Provided data:

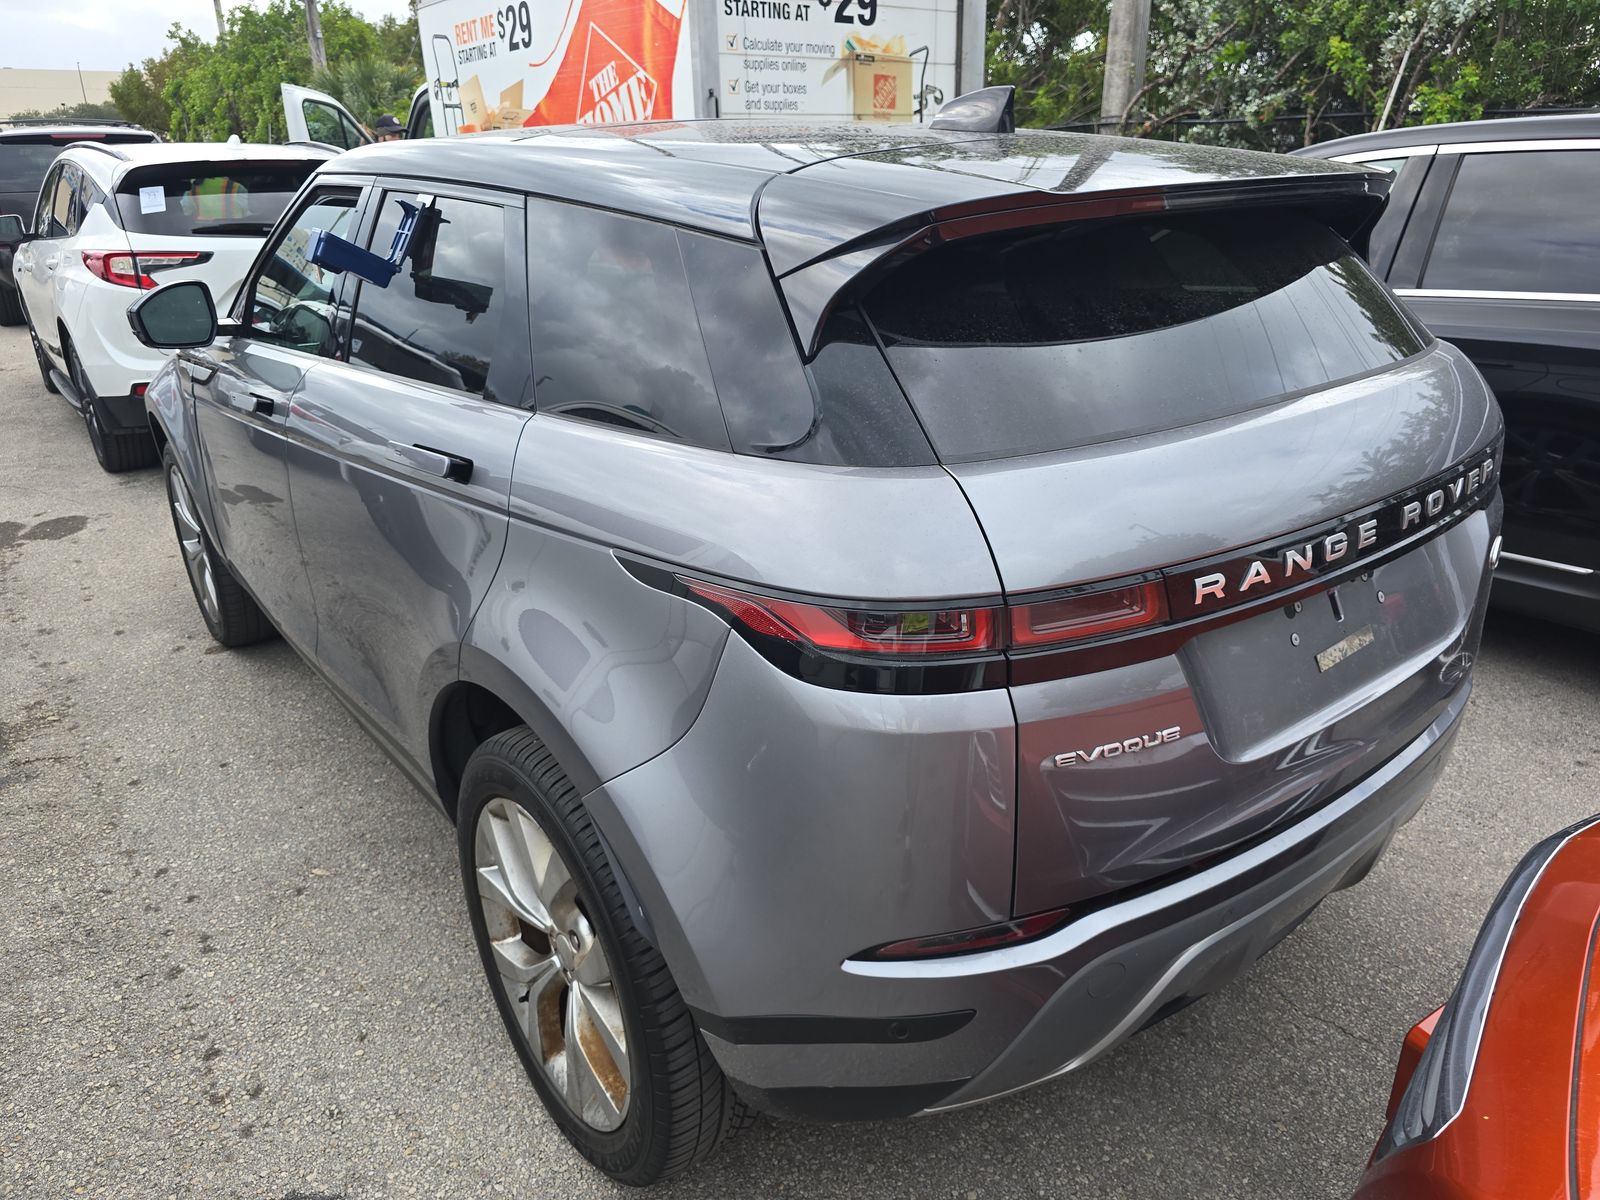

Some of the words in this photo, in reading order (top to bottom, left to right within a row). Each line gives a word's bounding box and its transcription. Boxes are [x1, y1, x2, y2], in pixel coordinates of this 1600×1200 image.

[724, 0, 791, 20] STARTING
[795, 4, 811, 22] AT
[454, 18, 478, 46] RENT
[480, 14, 496, 39] ME
[497, 0, 532, 52] $29
[458, 43, 488, 65] STARTING
[489, 41, 497, 58] AT
[743, 36, 783, 52] Calculate
[785, 43, 804, 55] your
[805, 43, 836, 58] moving
[743, 59, 780, 72] supplies
[781, 60, 808, 72] online
[588, 60, 620, 103] THE
[744, 80, 760, 93] Get
[761, 83, 780, 97] your
[782, 82, 808, 95] boxes
[745, 99, 761, 110] and
[763, 100, 799, 113] supplies
[1194, 519, 1378, 605] RANGE
[1401, 458, 1495, 530] ROVER
[1054, 726, 1181, 768] EVOQUE

Work request:
The expected answer is the listing above, duplicated exactly, with its pictures removed.

Task result:
Some of the words in this photo, in reading order (top to bottom, left to right within a row). Each line gives a word's bounding box and its transcription. Boxes are [x1, y1, x2, y2], in pixel coordinates of this 1600×1200 image.

[724, 0, 791, 20] STARTING
[795, 4, 811, 22] AT
[454, 18, 478, 46] RENT
[480, 14, 496, 39] ME
[497, 0, 532, 52] $29
[458, 43, 488, 65] STARTING
[489, 41, 497, 58] AT
[743, 36, 783, 52] Calculate
[785, 43, 804, 55] your
[805, 43, 836, 58] moving
[743, 59, 780, 72] supplies
[781, 60, 808, 72] online
[588, 60, 620, 103] THE
[744, 80, 760, 93] Get
[761, 83, 780, 97] your
[782, 82, 808, 95] boxes
[745, 99, 761, 110] and
[763, 100, 799, 113] supplies
[1194, 519, 1378, 605] RANGE
[1401, 458, 1495, 530] ROVER
[1054, 726, 1181, 768] EVOQUE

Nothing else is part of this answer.